At trial, the judge held that Mr. Kosmopoulos could not recover damages as owner for the assets of the business as they were owned by the company and not him, but that he could recover as insured because of his insurable interest in the building. This ruling was upheld on appeal, with the court noting that as companies could, thanks to recent laws, have a sole shareholder, Macaura could be restricted to cases involving multiple shareholders.

The issue before the Court was whether the assets of Mr. Kosmopoulos, as shareholder, were covered by the insurance.

==Reasons of the court==

The Court upheld the ruling of the lower courts.

First of all, the Court decided that this was not a situation where they should "lift the corporate veil".

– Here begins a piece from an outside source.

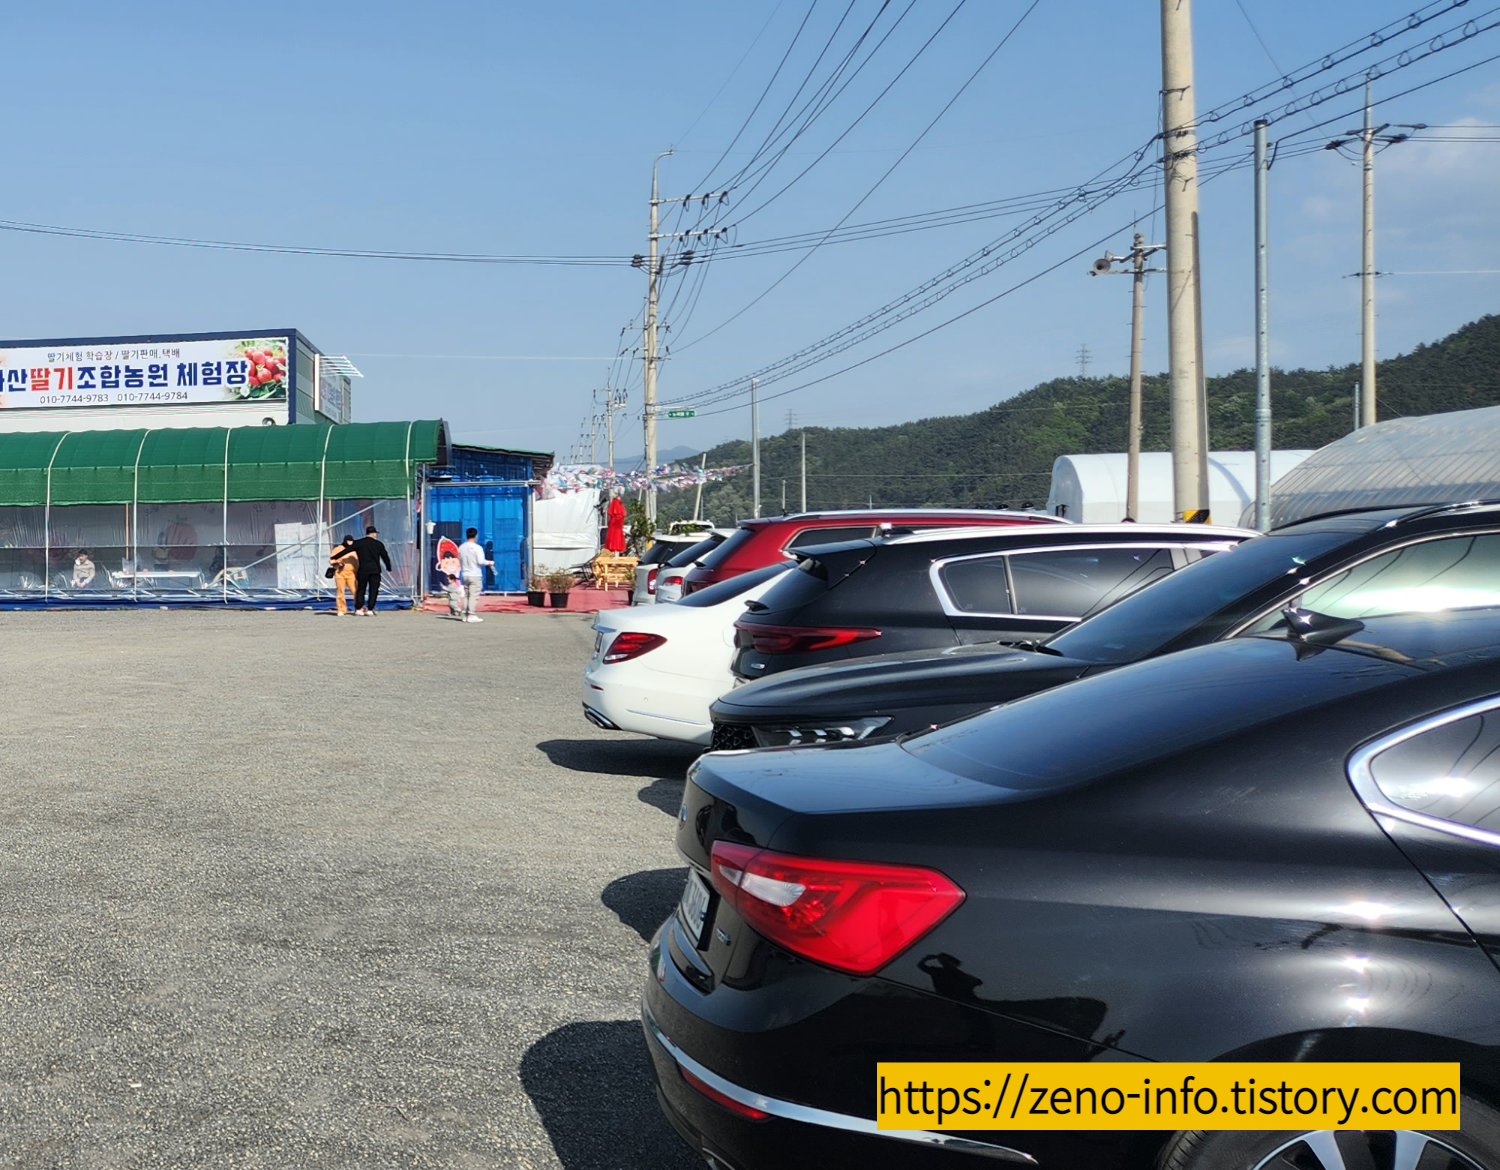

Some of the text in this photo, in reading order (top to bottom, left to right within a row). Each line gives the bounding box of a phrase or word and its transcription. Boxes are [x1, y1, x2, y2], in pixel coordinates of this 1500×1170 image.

[48, 351, 83, 363] 딸기체험
[86, 350, 113, 362] 학습장
[176, 360, 248, 387] 체험장
[40, 391, 188, 404] 010-7744-9783 010-7744-9784

To reach this conclusion the Court examined the requirements to "lift the veil". Wilson J. explained:

The law on when a court may disregard this principle by "lifting the corporate veil" and regarding the company as a mere "agent" or a "puppet" of its controlling shareholder or a parent corporation follows no consistent principle. The best that can be said is that the "separate entities" principle is not enforced when it would yield a result "too flagrantly opposed to justice, convenience or the interest of the Revenue".

The Court decided that in the current case, lifting the veil would unfairly allow the owner to enjoy the benefits of incorporation while avoiding the costs.

The court also rejected the owner's argument that he was a bailor (i.e., taking care) of the companies' assets. Since the company still "possessed" the assets, they could not be considered as bailed without "lifting the veil".

However, the court found that the owner, as insured, held an insurable interest in the assets—that is, he had enough of a link to the assets to validly insure them (one cannot insure, for example, a building they have nothing to do with). In doing so, the court rejected the Macaura principle that limited an insurable interest to those having legal or equitable title to an asset. Instead, they applied the "factual expectancy test" (another test proposed by the House of Lords in Lucena v. Craufurd, the 1806 case relied on for the Macaura decision). According to this test, in order to insure something and recover for it, one must have "some relation to, or concern in the subject of the insurance, which relation or concern by the happening of the perils insured against may be so affected as to produce a damage, detriment, or prejudice to the person insuring". Ownership, or title, to the insured asset is not required under this test.